The 44-minute Tenth Symphony reinforces Peter Maxwell Davies’s continuing allegiance to a genre that most of his younger contemporaries have abandoned – attempting, moreover, a fusion of the abstract and dramatic such as makes it a culmination only in context. Few, if any, of his symphonies can have had a more persuasive launch – Antonio Pappano (soon to give hearings with his Santa Cecilia Orchestra in Rome and the Tchaikovsky SO in Moscow) securing a clarity and incisiveness during even the most densely scored textures. Markus Butter retained his lustrous tone over the climactic final pages, while the London Symphony Chorus continued its revitalised progress under Simon Halsey. Not since Tippett has British music had a choral work comparable in its combining of innovation with experience.
The first half brought contrasting fare by Elgar and Britten.

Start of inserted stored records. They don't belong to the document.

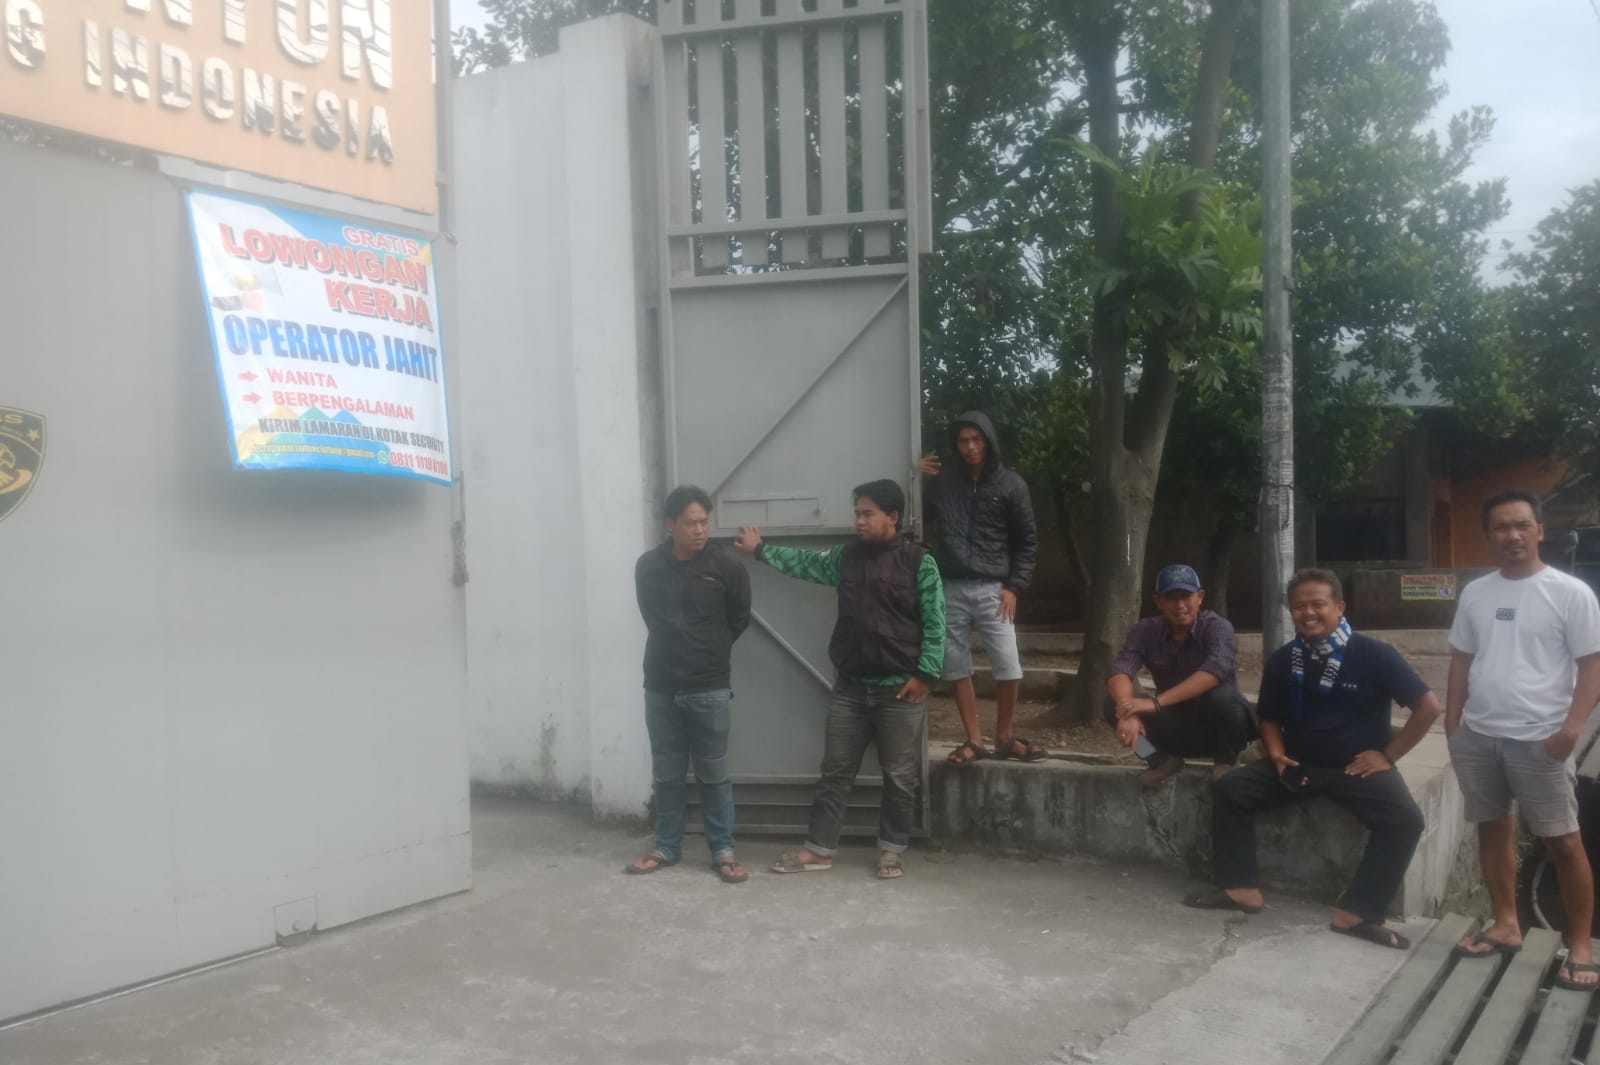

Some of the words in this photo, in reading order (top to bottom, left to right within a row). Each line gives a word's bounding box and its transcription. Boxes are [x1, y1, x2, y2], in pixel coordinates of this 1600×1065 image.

[84, 18, 395, 163] INDONESIA
[219, 223, 429, 293] LOWONGAN
[342, 225, 419, 257] GRATIS
[324, 278, 434, 332] KERJA
[223, 314, 380, 370] OPERATOR
[383, 335, 439, 384] JAHIT
[268, 369, 338, 389] WANITA
[273, 391, 415, 420] BERPENGALAMAN
[258, 418, 301, 433] KIRIM
[304, 420, 361, 438] LAMARAN
[362, 426, 375, 441] DI
[375, 427, 409, 446] KOTAK
[410, 432, 444, 454] SECURITY

The latter’s Violin Concerto (1939), now all but a repertoire piece, received an account of no mean eloquence from Maxim Vengerov – a little over-inflected, perhaps, in the reprise of the first movement’s main theme and in the spectral transition back to the scherzo’s closing portion, but with the cadenza securely integrated into the evolving musical design as well as scintillatingly rendered. At times in the final passacaglia, Vengerov sounded absorbed more in his own playing than by the ingenuity of Britten’s writing – yet, after a powerful climax, the coda had a rapt though never self-communing intensity that was most affecting. The LSO was not found wanting.
It might seem a little presumptuous to suggest that a conductor with combined English and Italian ancestry is ideally placed to interpret Elgar’s In the South (1904), but this singular interplay of overture and symphonic poem duly took flight in a reading whose emphasis on its more evocative episodes – namely the graphic depiction of marching Roman soldiers and the ensuing lullaby (with a touching viola contribution from Paul Silverthorne) – was never at the expense of that formal coherence which the composer invests into the piece as a whole. Nor was the final peroration, launched with a hushed transition such as is all too rarely encountered in concert performance, lacking that Straussian opulence with which Elgar sets the seal on this uninhibited salute to the Italian spirit.